This very appealing stem vegetable is at its peak throughout the winter months of November to March. Overmaturity, as well as excessive sunshine exposure, causes the crop’s stem to become woody and harsh, resulting in poor eating quality. Fresh kohlrabi should have a crisp texture and a strong flavor.

Buy medium-sized, fresh tubers at the supermarket that feel hefty in your hand for their size. Avoid those that have cracks, cuts, are rotten, or are mold-infested. Do not buy if they are lightweight for their size and have an excessively woody feel, as this suggests indicators of overmaturity and, as a result, are unappealing.

How to store:

Kohlrabi has good storage capabilities and can be kept at room temperature for 3-5 days. If you want to keep them for a few days longer, keep them in the refrigerator at a temperature below 35 degrees F and a high humidity level to prolong their vitality.

How to cook kohlrabi?

Kohlrabi may be found in the produce area of most grocery stores and health food stores. You can also buy kohlrabi at a farmer’s market or cultivate it yourself.

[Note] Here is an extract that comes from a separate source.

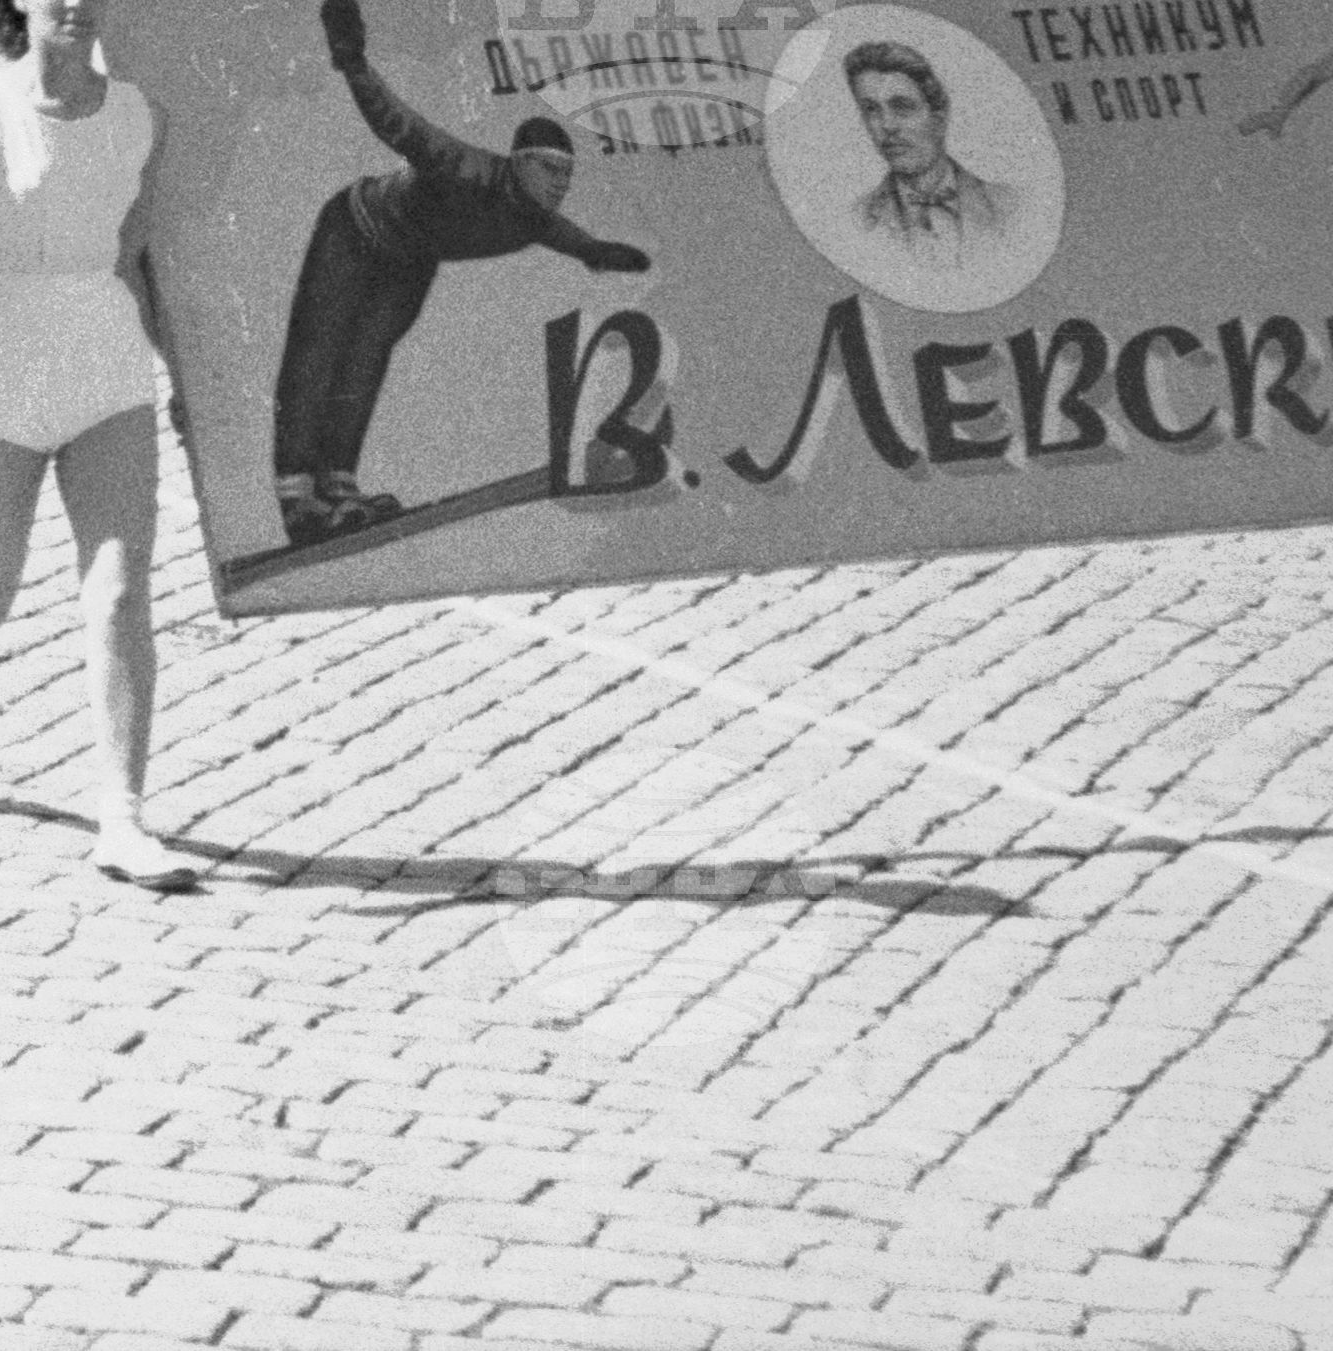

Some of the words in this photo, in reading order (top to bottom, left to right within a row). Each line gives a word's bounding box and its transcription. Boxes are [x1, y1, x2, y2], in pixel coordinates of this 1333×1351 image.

[1051, 81, 1078, 125] И
[1091, 72, 1207, 122] СПОРТ
[544, 308, 701, 498] В.
[724, 293, 1332, 485] ЛЕВСК

Kohlrabi can be eaten raw in salads or slaws, roasted, or cooked in soups and stews.

Try Kohlrabi Curry!

Here are some more ideas:

  • Kohlrabi bulbs, peeled and roasted with garlic, olive oil, and vegan parmesan cheese
  • Slice kohlrabi bulbs and toss with apples in a slaw.
  • To add crunch and body to chicken soup, add kohlrabi.
  • Make a creamy soup base by pureeing kohlrabi with onion.
  • To make a healthy version of mashed potatoes, mash cooked kohlrabi with potatoes.

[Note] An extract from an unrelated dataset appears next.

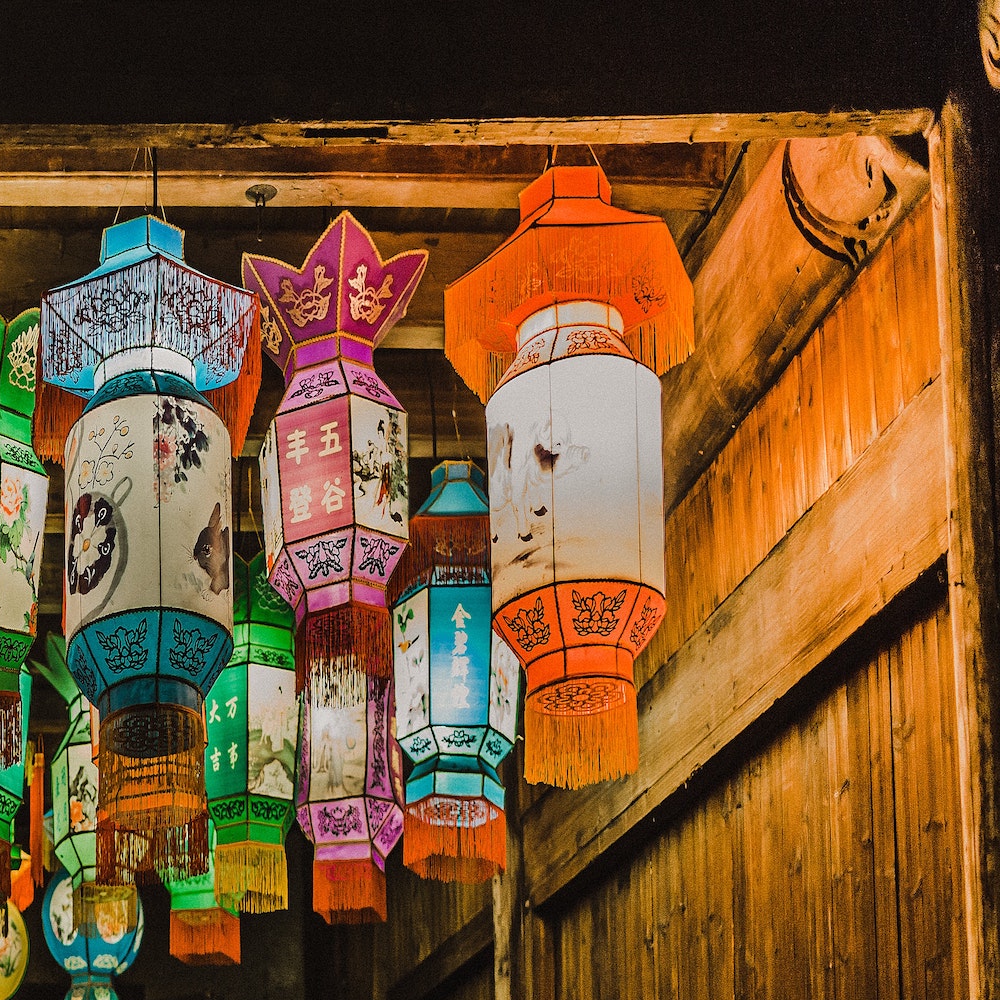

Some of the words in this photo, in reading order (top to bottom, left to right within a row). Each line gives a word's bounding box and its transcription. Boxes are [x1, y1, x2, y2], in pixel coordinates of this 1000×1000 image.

[318, 421, 345, 514] 五谷
[209, 699, 221, 772] 大吉
[225, 696, 238, 770] 万事

Kohlrabi is high in nutrients that have been linked to a variety of health advantages. It’s high in fiber, which is necessary for a healthy gut and proper digestion.

Furthermore, its numerous nutrients and plant chemicals boost your immune system and may reduce your risk of heart disease, certain malignancies, and inflammation.

If you want to try new vegetables, kohlrabi is a simple and versatile component to include in your meals.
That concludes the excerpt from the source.